Avon supposes that he ought to feel bothered that the Federation has acquired another subordinate planet, but he can’t help feeling that for the people of Kilva even rule by Servalan’s puppets is a distinct improvement over the status quo. Hell, you could probably put Travis in charge and conditions would still improve.

“And what exactly brings Blake to a place like Kilva, Avon? Clearly whatever it was failed, but I still admit to being curious.”

He could tell her, he supposes, with no harm now but he doesn’t much feel like being obliging so he stays silent. He hears the heels again, closer this time, and then the sharp touch of a nail tracing a circle under his shoulder blade.

“Avon! Are those love bites?”

“It’s a highly infectious skin condition,” he says flatly.

“I don’t think so.” He hates the amusement in her voice. “Shall I guess who?”

“Or you could just shoot me, although I’d appreciate the opportunity to put on some clothes first. Dying like this would be annoying.”

“I don’t think I’m going to shoot you.”

That’s good news, he supposes. He’s tempted to ask why not but he doesn’t want to accidentally argue her out of it. She tells him anyway.

“I’m leaving the pursuit ships here for a couple of weeks, to assist with a smooth transfer of power. If the locals haven’t killed you by then, or you haven’t died from lack of water, or food, or,” she draws the nail suggestively down his spine, “general misuse, then I imagine your gallant lover will come galloping to the rescue when the ships leave. This place is squalid now. Can you imagine what it will be like in two weeks time? If you’re very fortunate it will only be your own filth caking you, but I don’t think you’re going through a lucky patch, are you, Kerr Avon?”

He almost forgets, sometimes, how well she knows them and how much she hates them all. If Blake finds him in the state that Servalan is predicting with such relish it will not just mean the end of their brief physical liaison, but almost certainly of his place on Liberator. There is only so much humiliation that he can bear to be reminded of and he won’t take pity from any of them.

“I can pass on a message to Liberator on my way out if there’s anything you’d like to tell them?” A small voice recorder is pushed over his shoulder. What does she want from him? Sentiment. Useless defiance. Pleading. Anything that will make her laugh. He glares at the slim hand holding the device in impotent fury. If he says anything at all that she thinks might help him or them then she won’t transmit the message, of course.

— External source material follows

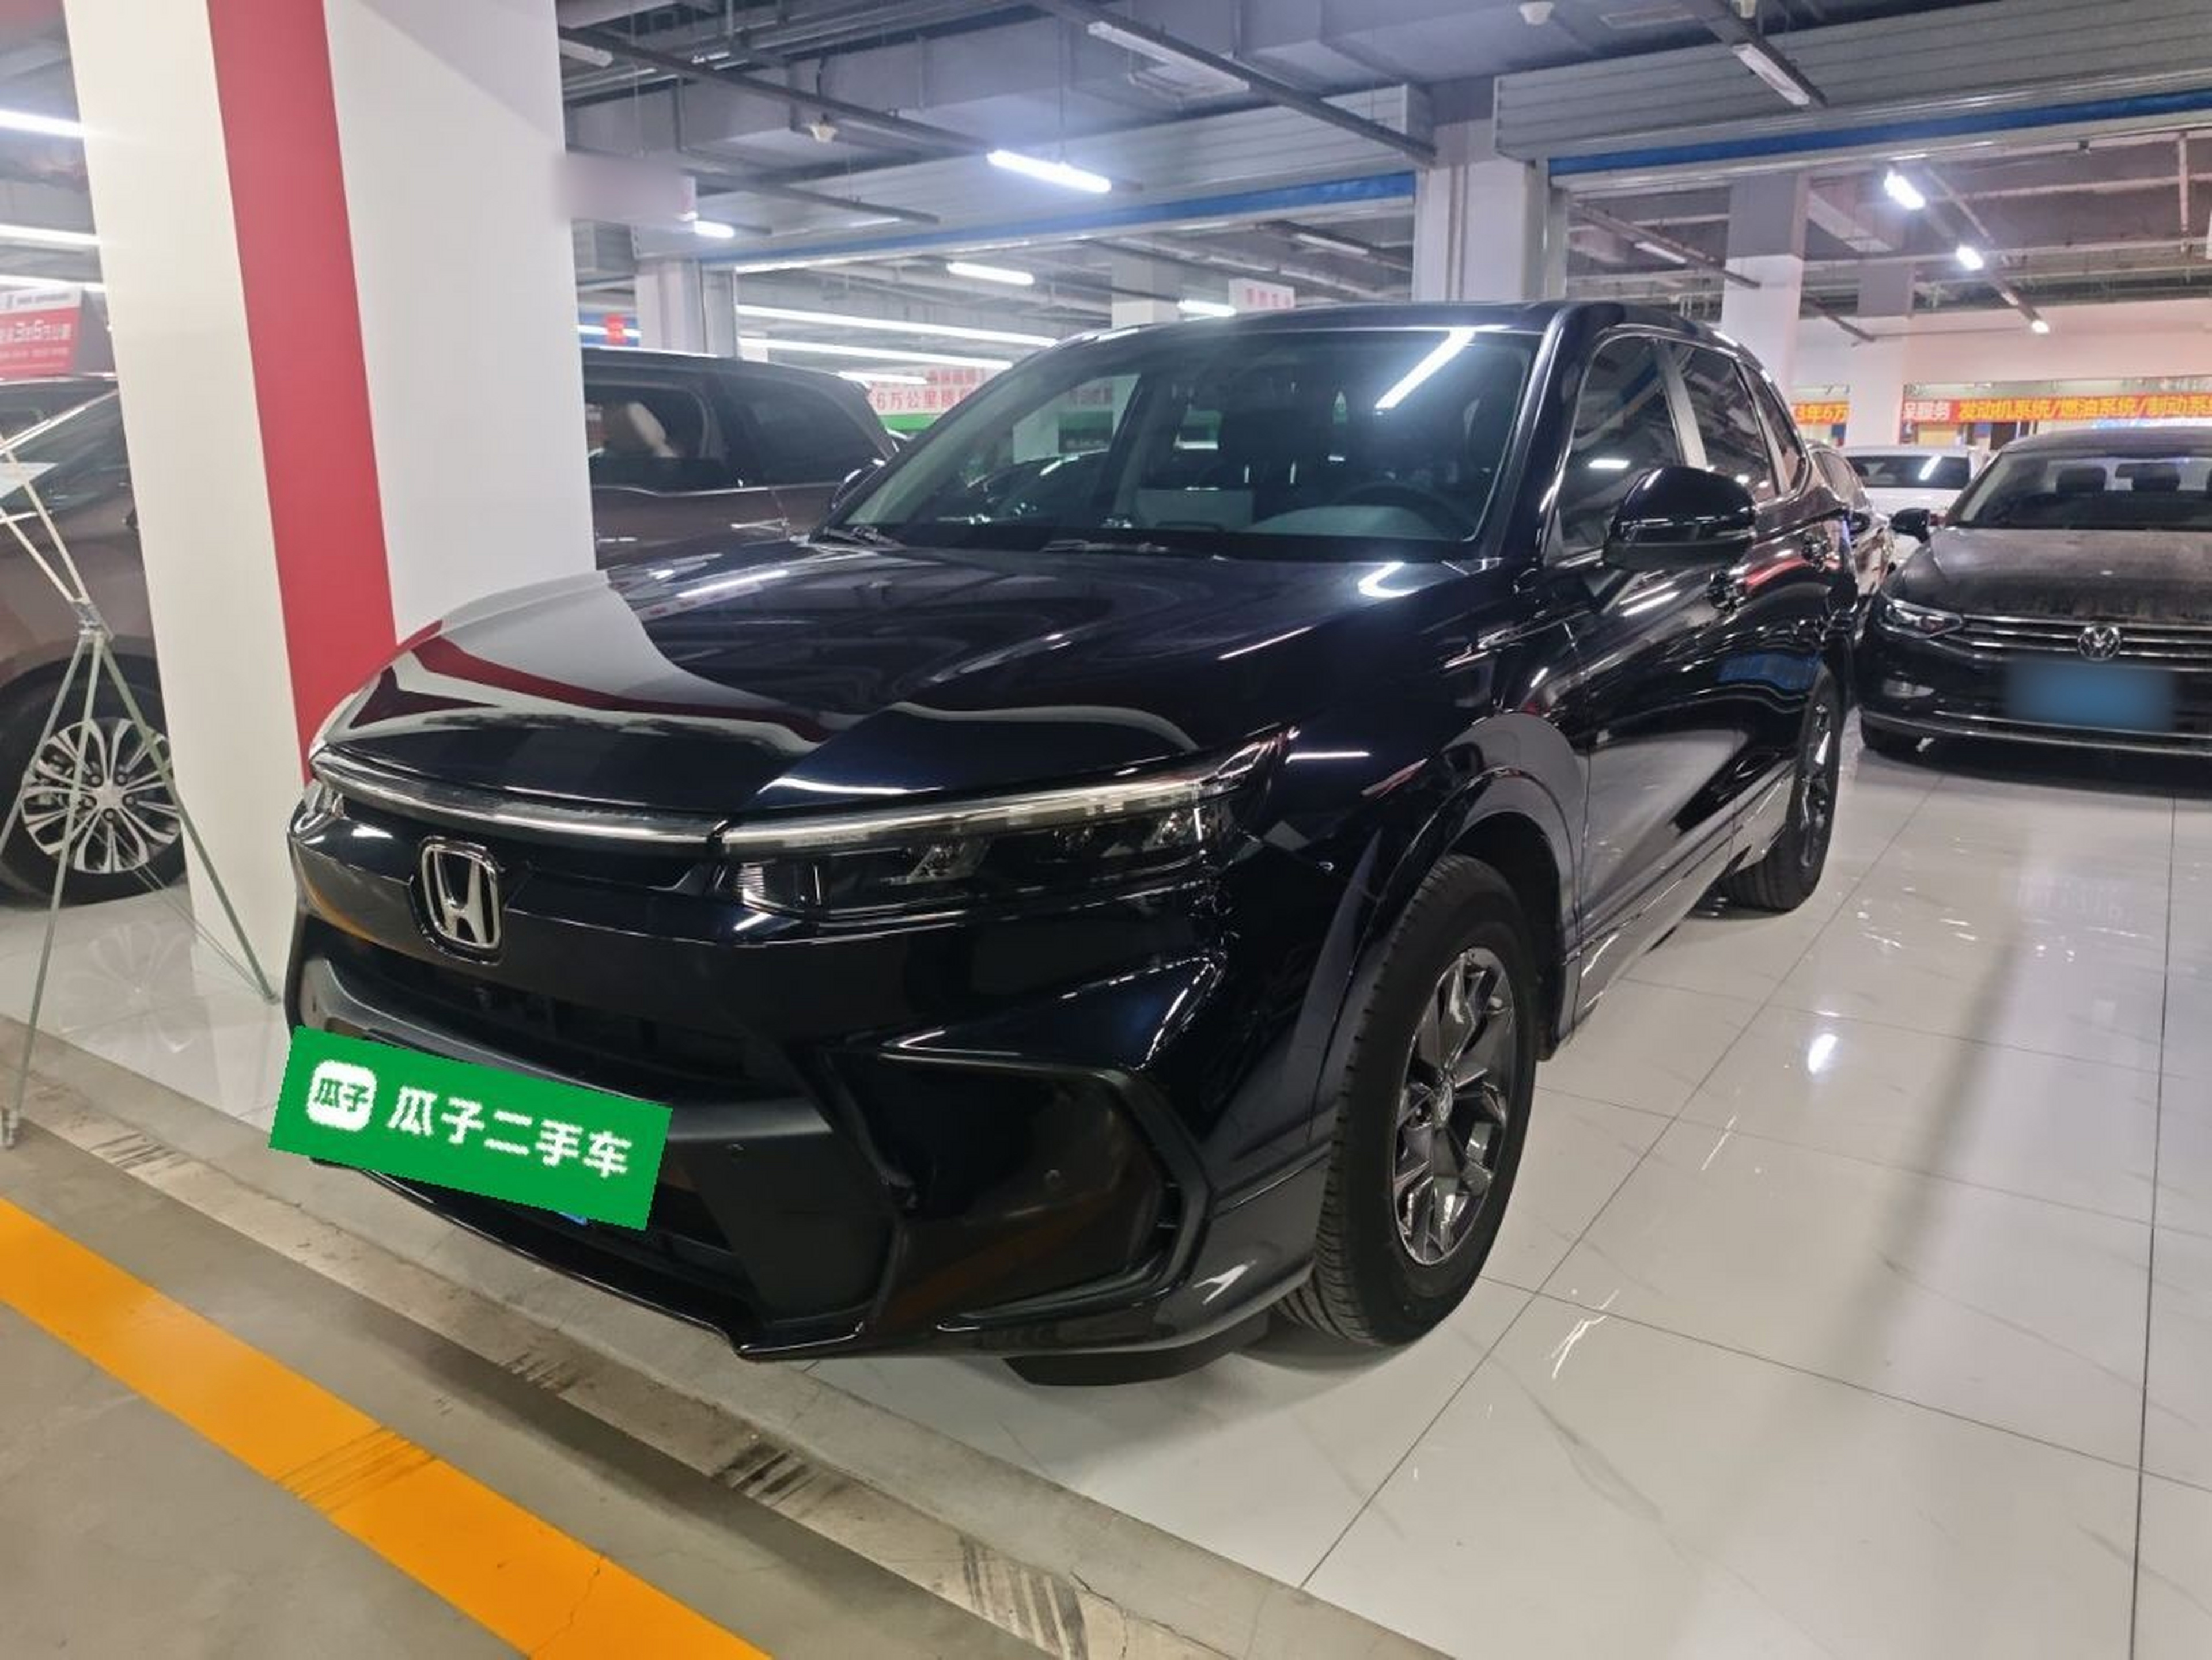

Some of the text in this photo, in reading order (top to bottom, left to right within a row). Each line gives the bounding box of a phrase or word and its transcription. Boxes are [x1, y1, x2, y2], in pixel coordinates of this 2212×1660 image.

[1960, 395, 2212, 420] 发动机系统/燃油系统/制动系
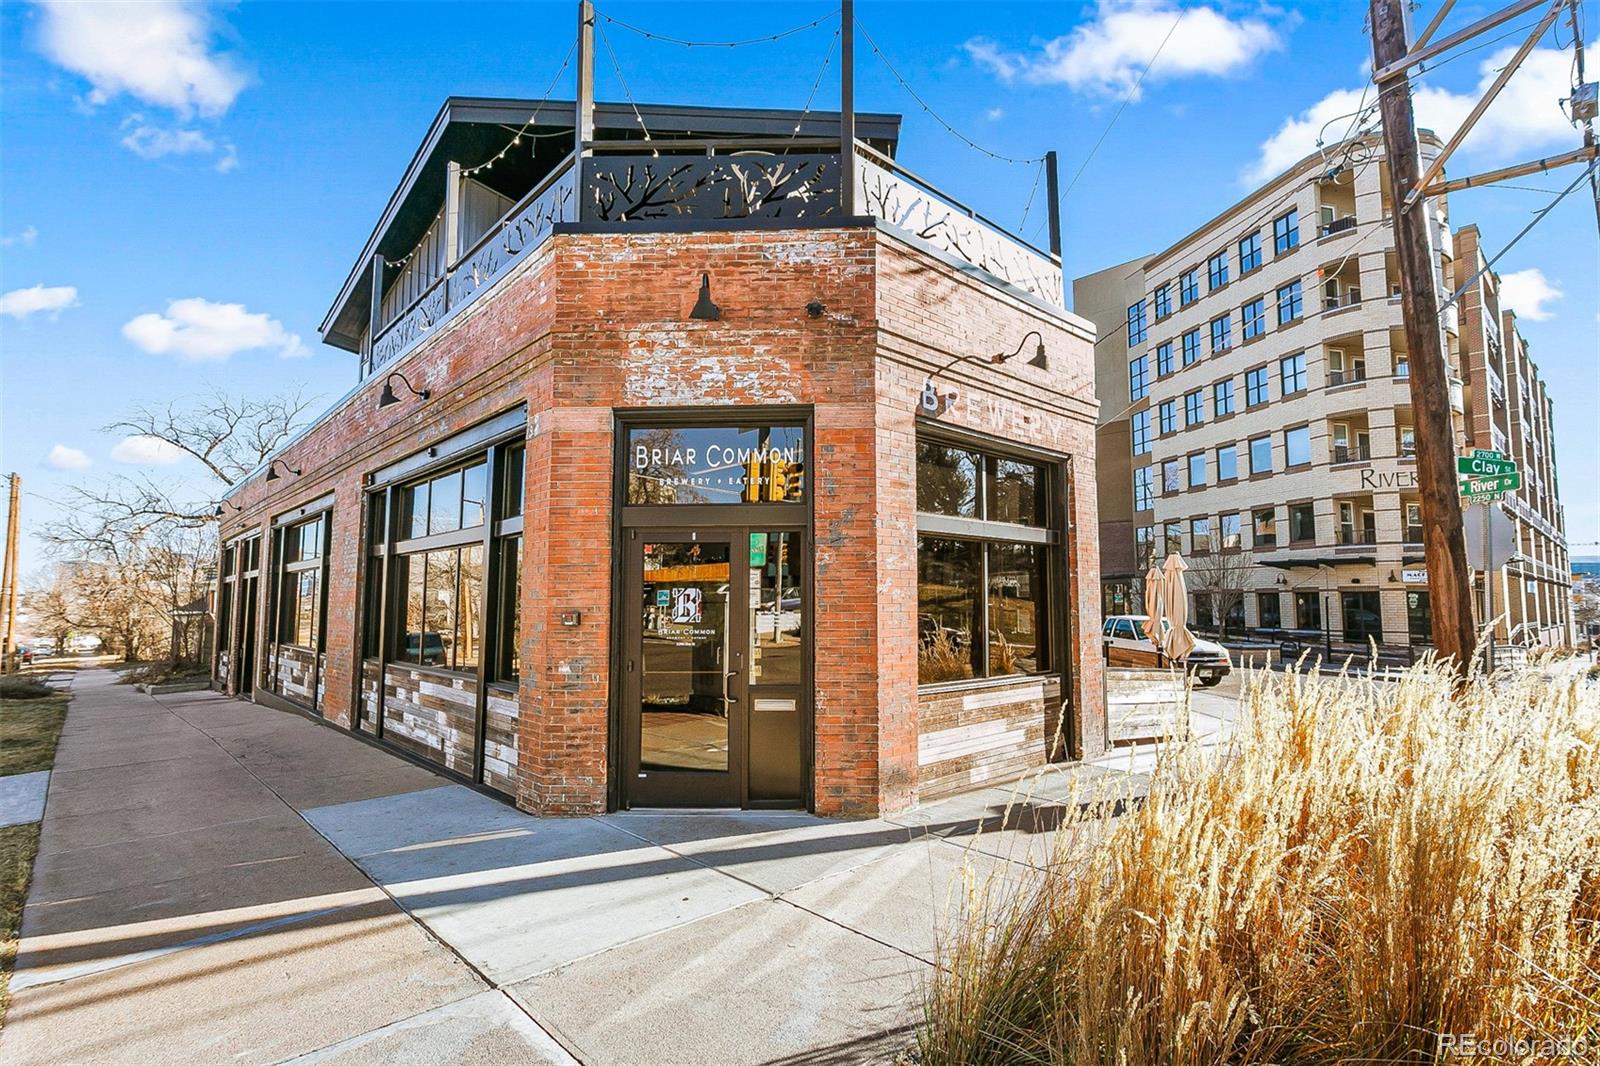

He has to say something. He has to confirm that he’s alive, at least. Avon takes one more second to compose himself, then starts to speak.

“Roj.” It isn’t hard to sound utterly defeated. “I’m sorry, Roj. Tell the damn box it was right all along. There was nothing here, and now I’m trapped between the Feds and the locals…” As he speaks he can almost feel the sharpness of Servalan’s smile.

* * * * * * * * * *

Avon is dragged out of semi-consciousness by the explosions. He manages to open his eyelids to see the walls of the cell tinged red. Fire outside in the city; he can hear it roaring in the brief pauses between the gunfire.

His wrists and shoulders feel as if they are on fire as well. His chest burns. He’s desperately thirsty and incredibly tired but he drives himself to stay alert and listen, since he can’t see anything but the walls. One noise is familiar; a Federation lander taking off, screaming dangerously low over the city.

The noise of riot and disorder go on seemingly interminably. He can feel the heat of the fires now, warming the cell; he tries to calculate the comparative risks that he’ll be killed in a blaze or murdered by looters, decides both are much higher than he really wants to think about and he can’t do anything about either. A huge explosion shakes the building; he can hear walls collapse in all directions with accompanying screams. That must have been the rocket fuel depot, he decides, closing his eyes a little too late against the cascade of stone dust.

Despite the apocalyptic chaos all around Avon slips back eventually into a semi-comatose state, registering nothing but exhaustion and pain. He doesn’t really respond to the voice or the sudden change in lighting but when an agonisingly laboured breath brings clean familiar air into his lungs he knows that he’s home.